[Today: The real deal...]

Mose Allison has spent a long career in the shadows of the bridge that connects Jazz and the Blues. Not fully either, but a whole lot of both, he plays piano and sings in a distinctly jazzy style, but his music is built from the raw materials of the blues. His songs include prison sentences, tragic love, country shacks and mystical signifiers, but they’re always leavened with a wry, detached delivery. Because he’s a white man singing the Blues, Allison has often been suspected of musical tourism – one interviewer actually accused him of stealing the blues, an encounter that inspired his 1990 song ‘Ever Since I Stole The Blues’.

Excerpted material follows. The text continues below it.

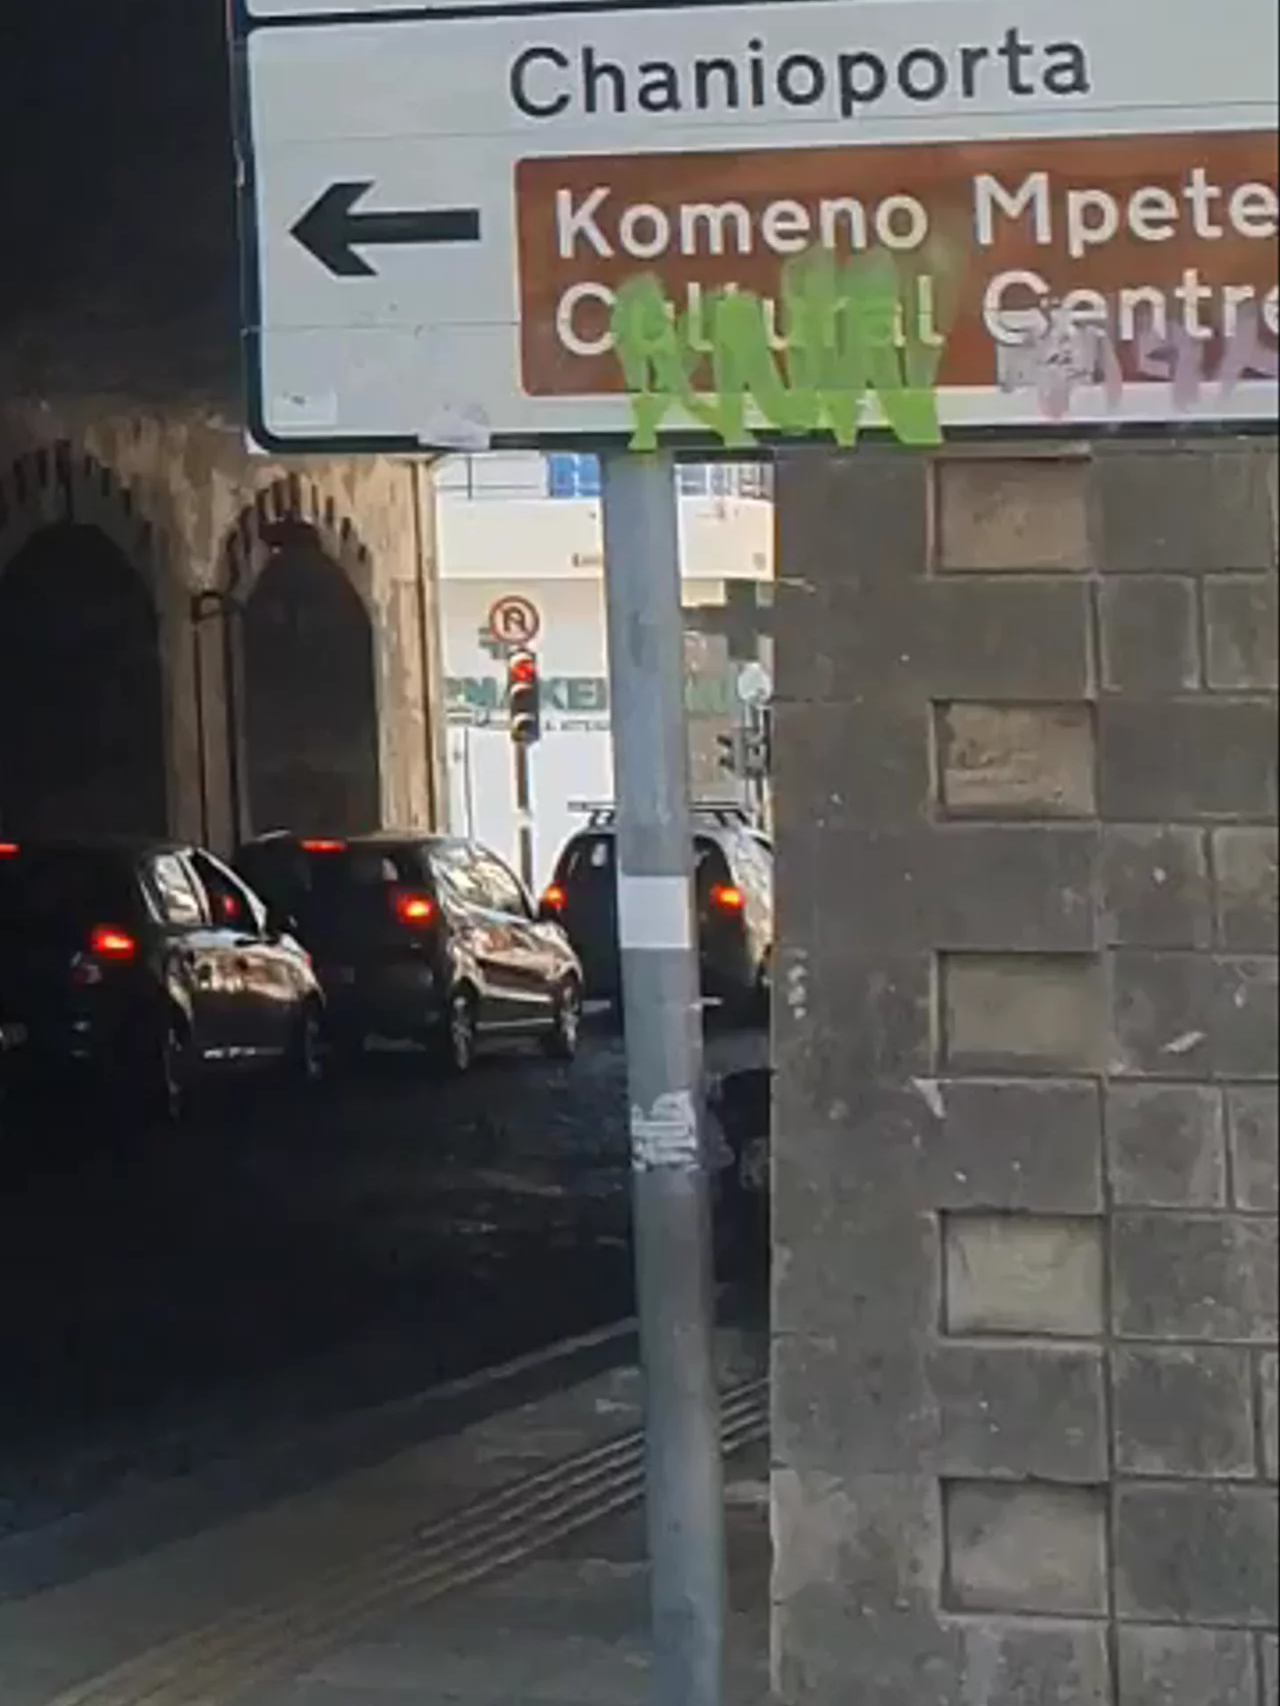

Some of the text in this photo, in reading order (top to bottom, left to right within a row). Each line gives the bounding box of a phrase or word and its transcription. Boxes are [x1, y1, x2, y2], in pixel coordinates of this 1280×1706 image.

[510, 27, 1091, 118] Chanioporta
[555, 168, 1280, 259] Komeno Mpete
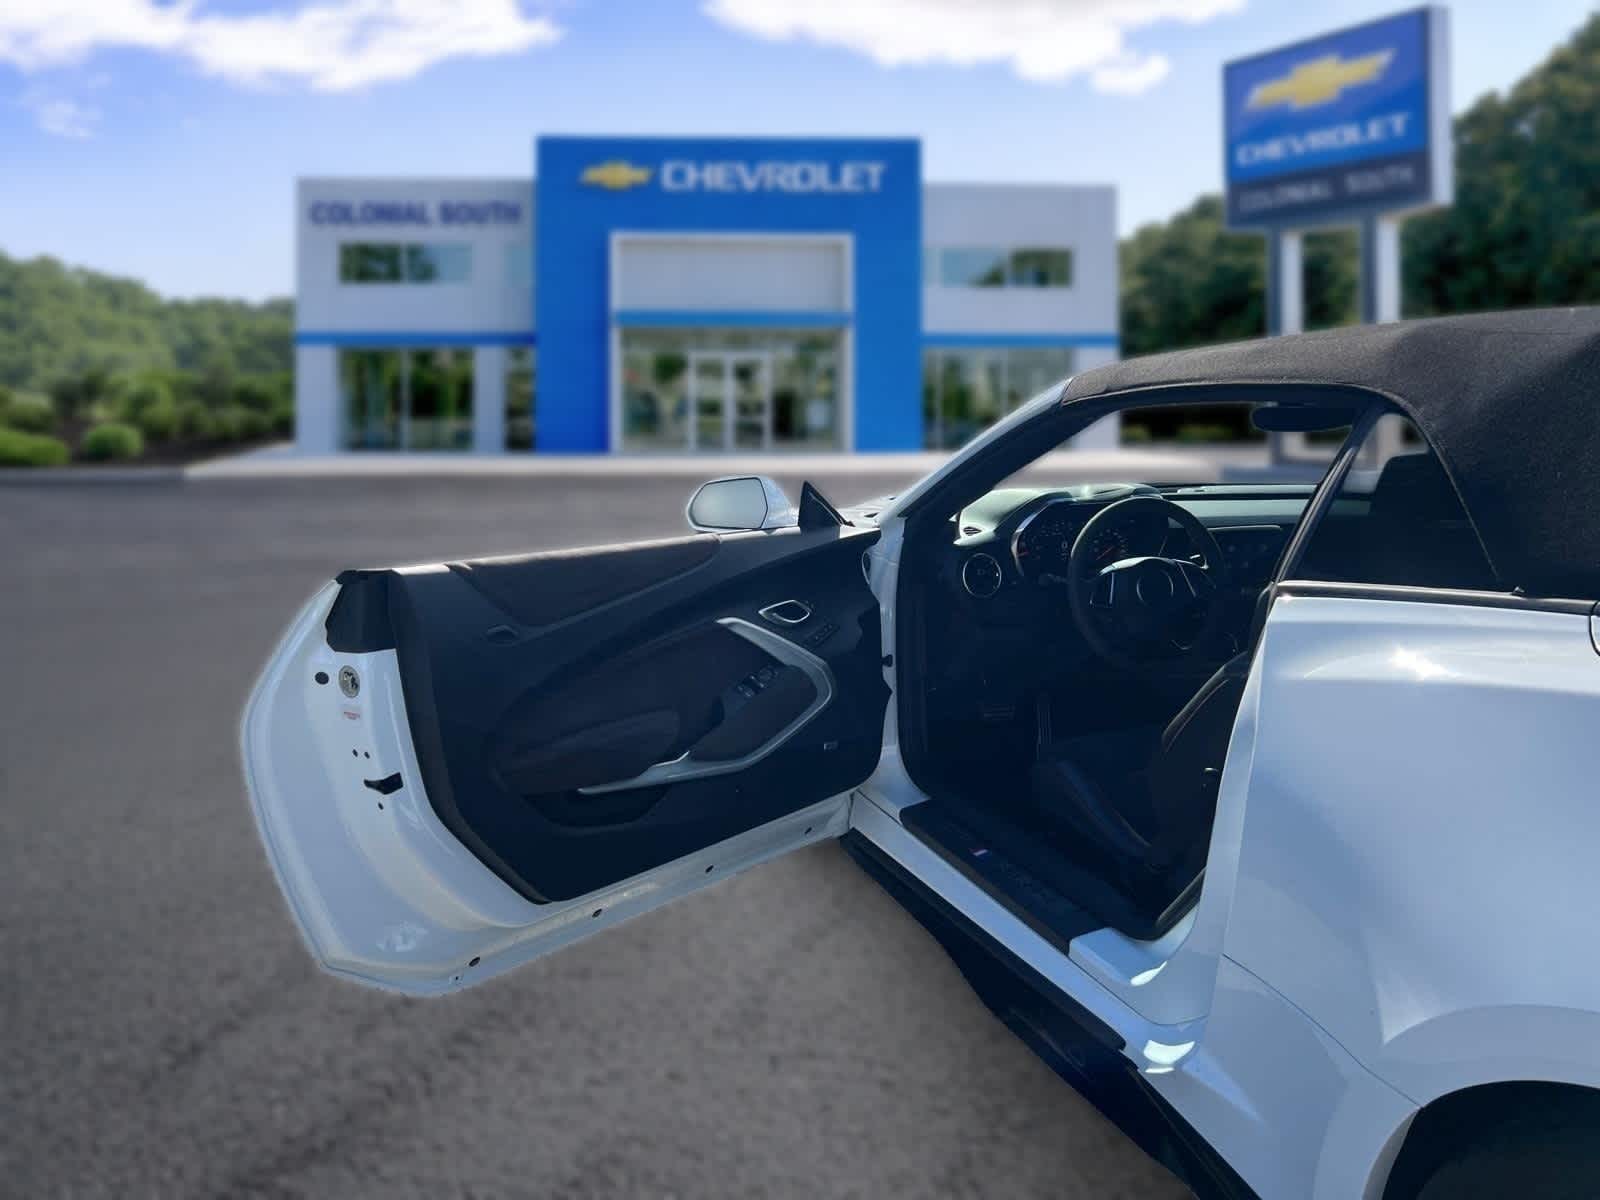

Born in 1927 on his grandfather’s farm near the small town of Tippo in the Mississippi Delta, Allison grew up absorbing the music of blues artists like Memphis Minnie, Tampa Red and Lightning Hopkins, as well as jazz pianists Nat King Cole, Fats Waller and Earl Hines. Regardless of his credentials, he has created a singular style that hasn’t changed much through the decades. “You have to suffer a little to do anything well,” he told the Phoenix New Times in 1992. “It doesn’t necessarily have anything to do with singing the blues. If blues had to do with suffering, believe me, we’d have a lot more blues singers.”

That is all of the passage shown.